From this prologue, it is clear that Yehudah was the physician to Alfonso while the latter was not yet king. It is not entirely clear whether the title alfaquim which appears after his name in all of the other translations he did (except in the Tabla astronómicas and the Libro de las estrellas fixas) meant literally that he was a physician, or was merely an honorary title. (11) He was "helped" in the translation of Lapidario by a priest named Garcí Pérez.

José Amador de los Ríos refers to Yehudah as Yehudah ha-Qaton ("the small" in Hebrew), which is perhaps the explanation of the appellative el menor found only in the prologue of Lapidario. (12) The term is not satisfactorily explained, however, either by the previous attempts mentioned by Gerold Hilty or by his own suggestion of "junior, younger," which would only make sense if his father's name had also been Yehudah (instead of Moshe). If the title has any significance at all, and is correctly assumed to correspond to the Hebrew suggested by Amador, then the meaning is most probably "insignificant," a term used by the poet and philosopher Solomon Ibn Gabirol, among others.

There is, however, another possibility. Hilty has convincingly argued that Yehudah b. Moses ha-Kohen and Yehudah Mosca are one and the same, and that Mosca is not a corruption of Moses (Moshe), but rather a family name identical to that of the astronomer Yehudah b. Solomon Ibn Mosca. (13) If this is correct, then el menor in the sense of "the lesser, the other" could have served to distinguish him from his relative who lived at the same period of time. This suggestion would not invalidate, but rather strengthen, Hilty's surmise as to why the title is found only in the first work translated by Yehudah. As his fame increased, Hilty argues, it was no longer necessary to distinguish him from the other Yehudah; the latter by 1247 was already in Italy, where he engaged in scientific discussion with Frederick II. Furthermore, if Yehudah in fact was related to that Yehudah b. Solomon, then he was a member of the famous Ibn Susan family, members of which were officials of Alfonso. (14) This might explain how such a young man came to the attention of the then infante and became his physician.

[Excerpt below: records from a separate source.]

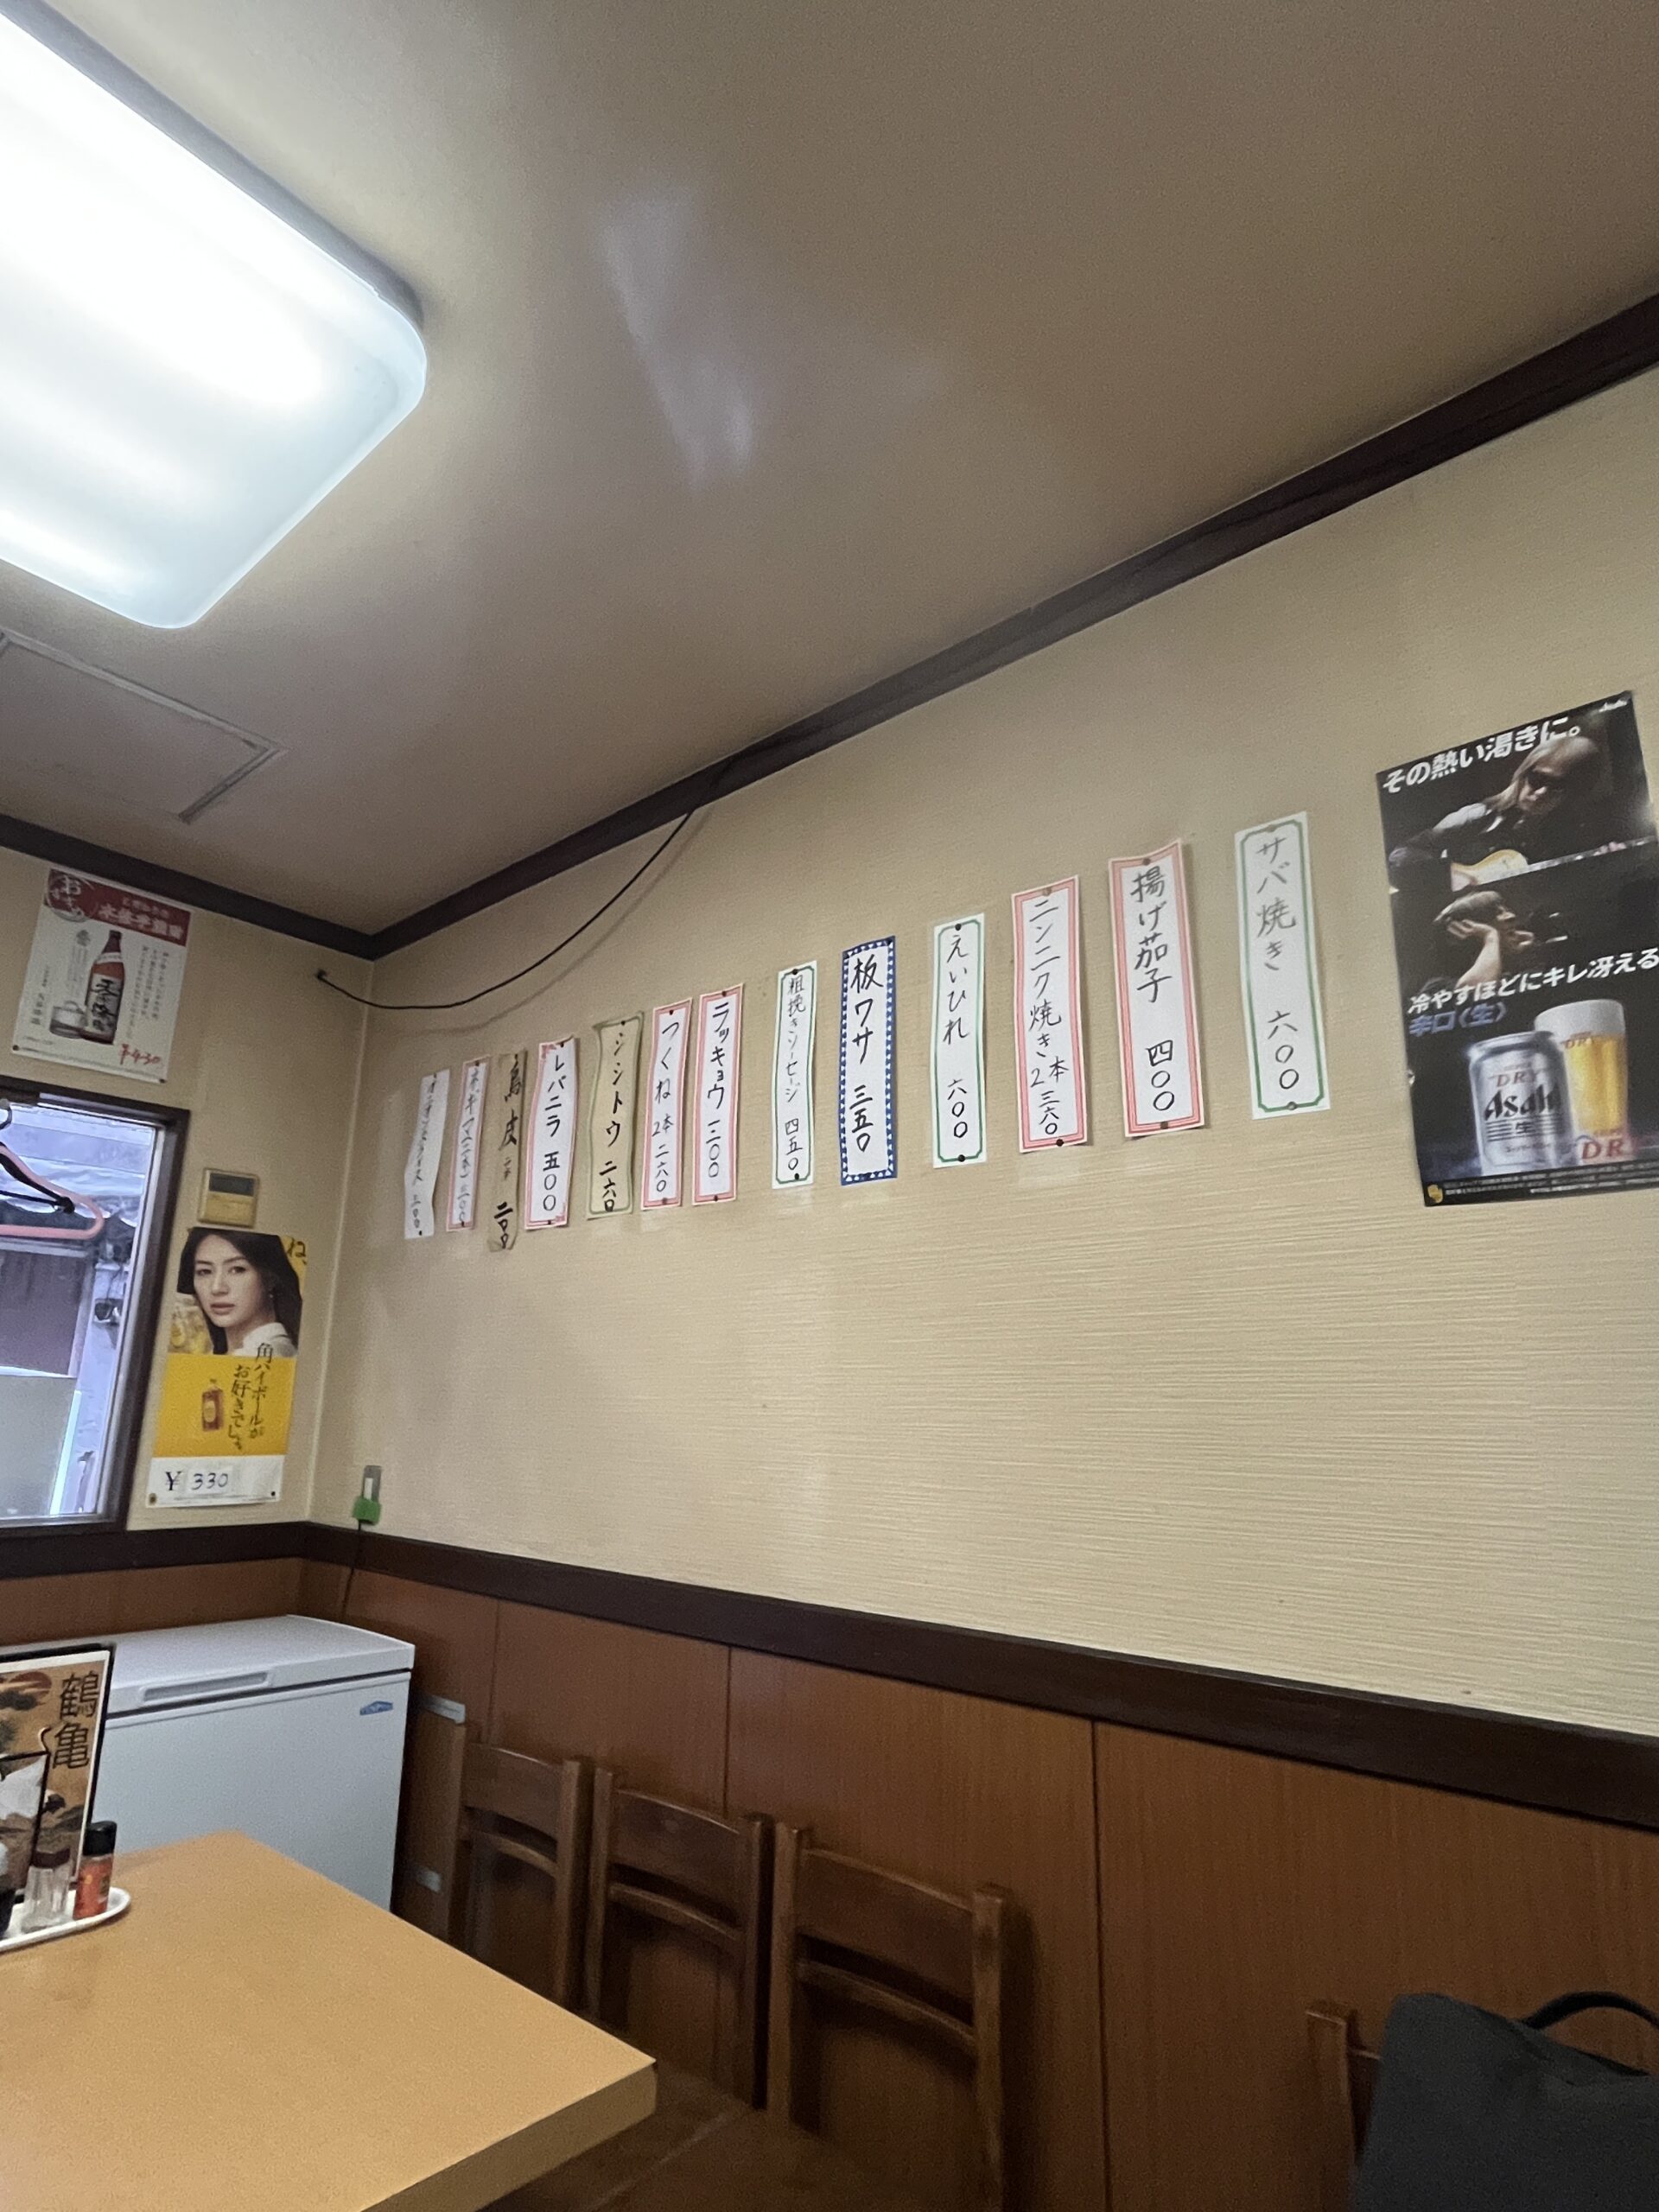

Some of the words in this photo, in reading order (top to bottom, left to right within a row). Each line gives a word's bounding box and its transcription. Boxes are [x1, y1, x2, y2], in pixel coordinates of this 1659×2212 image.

[1383, 716, 1581, 793] その熱い渇きに。
[1130, 866, 1173, 1003] 揚げ茄子
[1256, 836, 1297, 970] サバ焼き
[849, 953, 884, 1065] 板ワサ
[943, 935, 969, 1045] えいひれ
[1028, 899, 1062, 1058] ニンニク焼き
[1408, 947, 1659, 1014] 冷やすほどにキレ冴える
[606, 1032, 624, 1148] シシトウ
[655, 1022, 680, 1104] つくね
[707, 1001, 729, 1110] ラッキョウ
[785, 974, 806, 1103] 粗挽きソーセージ
[544, 1055, 567, 1138] レバニラ
[191, 1472, 229, 1491] 330
[53, 1669, 99, 1769] 鶴亀
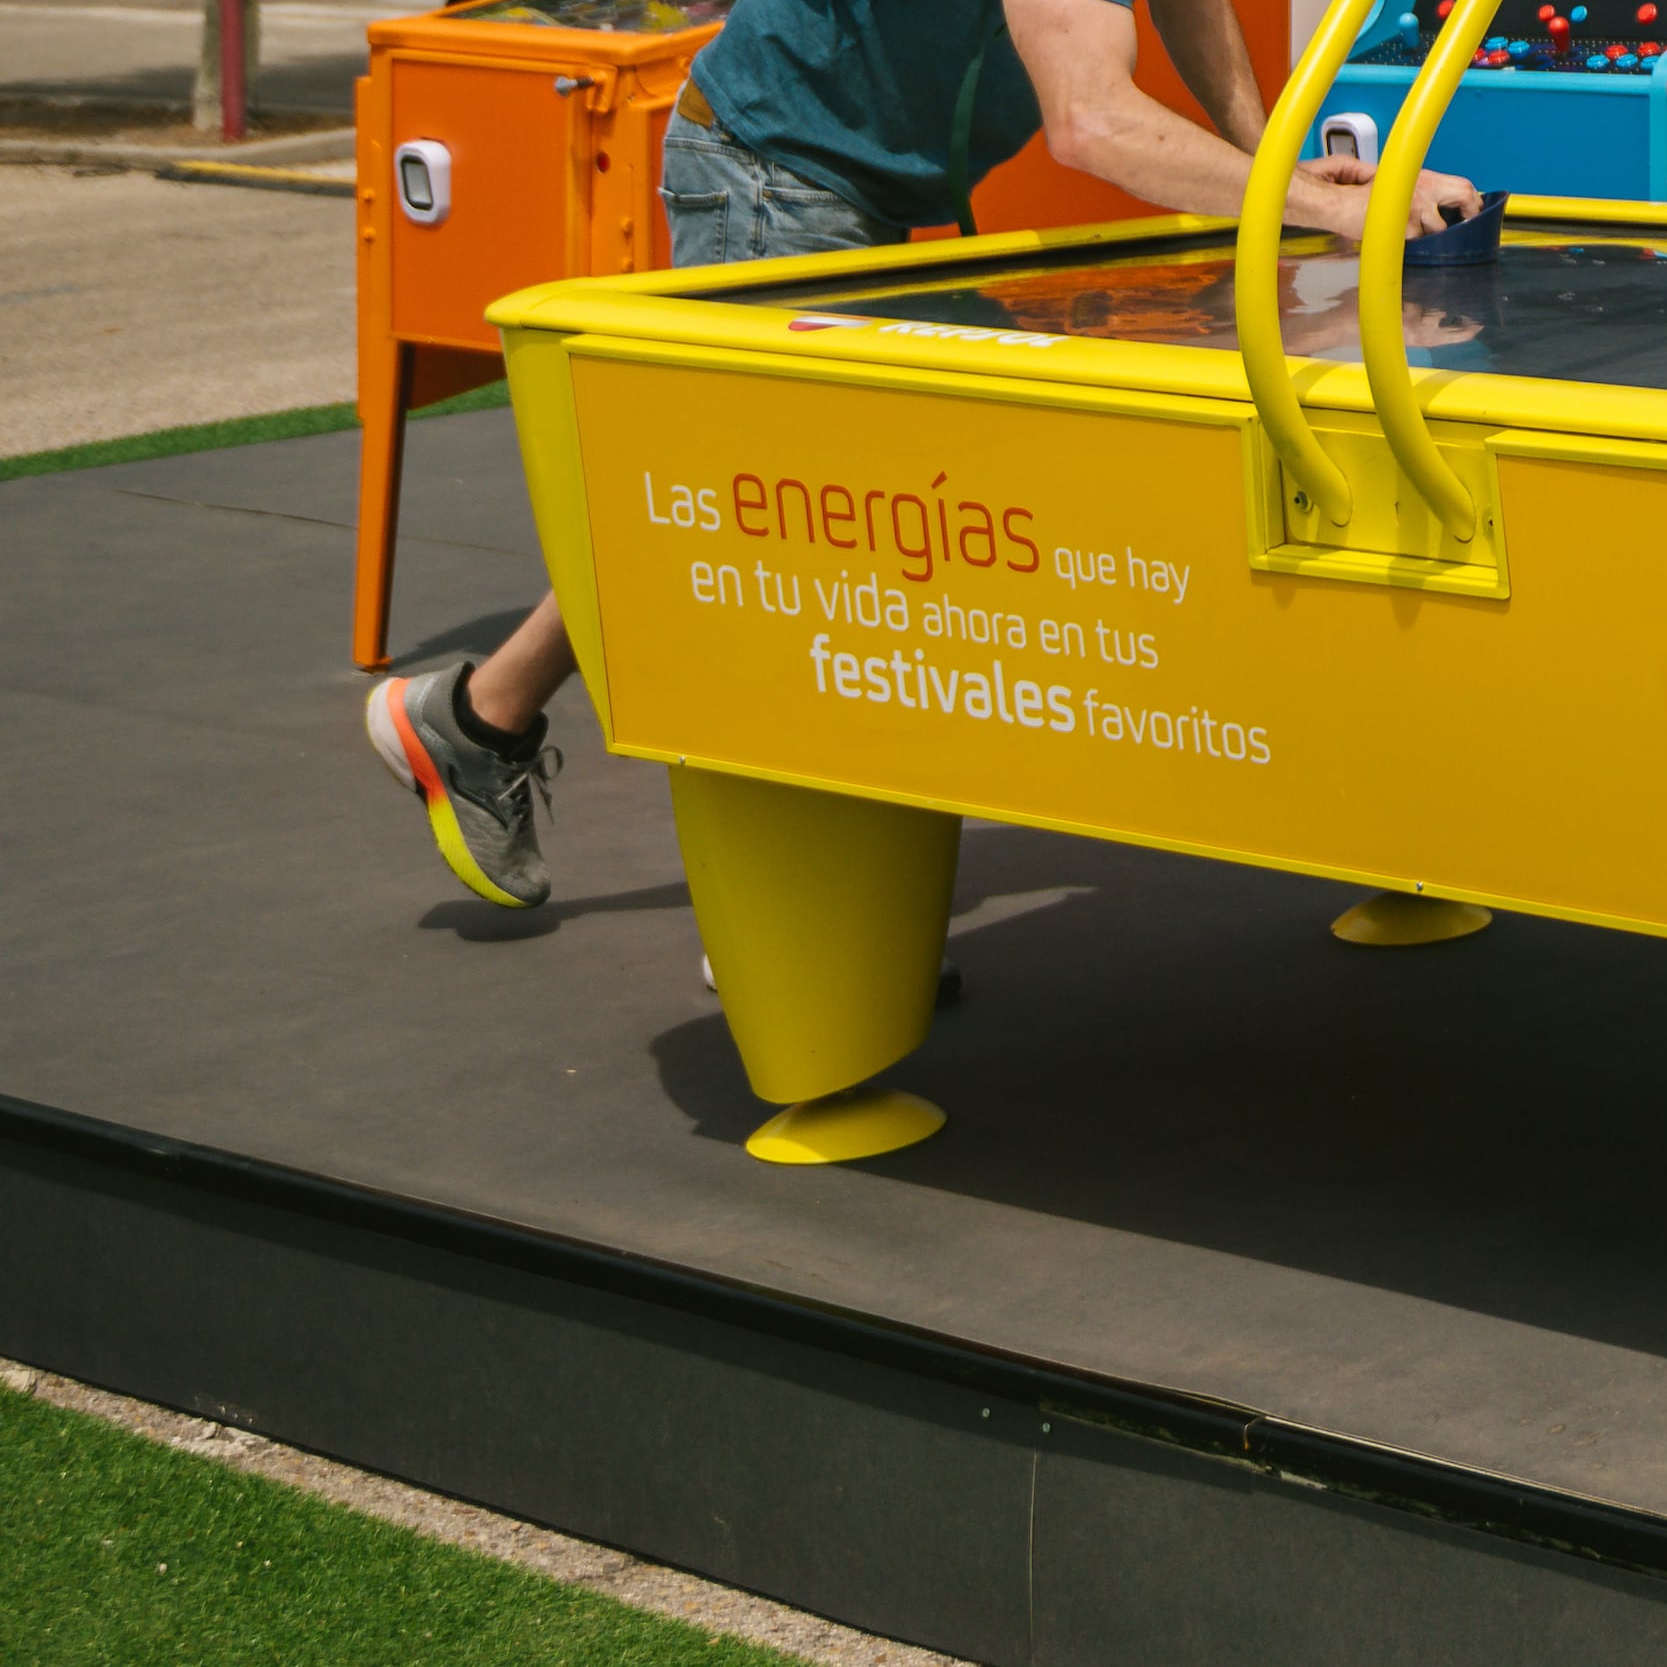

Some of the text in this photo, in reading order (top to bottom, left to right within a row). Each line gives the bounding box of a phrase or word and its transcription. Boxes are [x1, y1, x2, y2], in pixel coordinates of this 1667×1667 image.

[644, 471, 1190, 605] Las energías que hay
[691, 560, 1159, 669] en tu vida ahora en tus
[810, 634, 1271, 764] festivales favoritos

Even before the Lapidario, however, Yehudah made a Latin translation of the Azafeha (Safiha)of Azarquiel (the correct form of this name is noted [62] below) together with Guillelmus Anglicus, between 1225 and 1231. The prologue refers to him as "luda filius Mosse Alchoen, professione t__, ex mérito sciencie astronomus dictus." Hilty suggests tabib for the missing word (Arabic tabîb, or "doctor"). If so, Yehudah was a physician even at this early period; that is not impossible, but the peculiarity of an Arabic word in an otherwise Latin text needs explanation. (15)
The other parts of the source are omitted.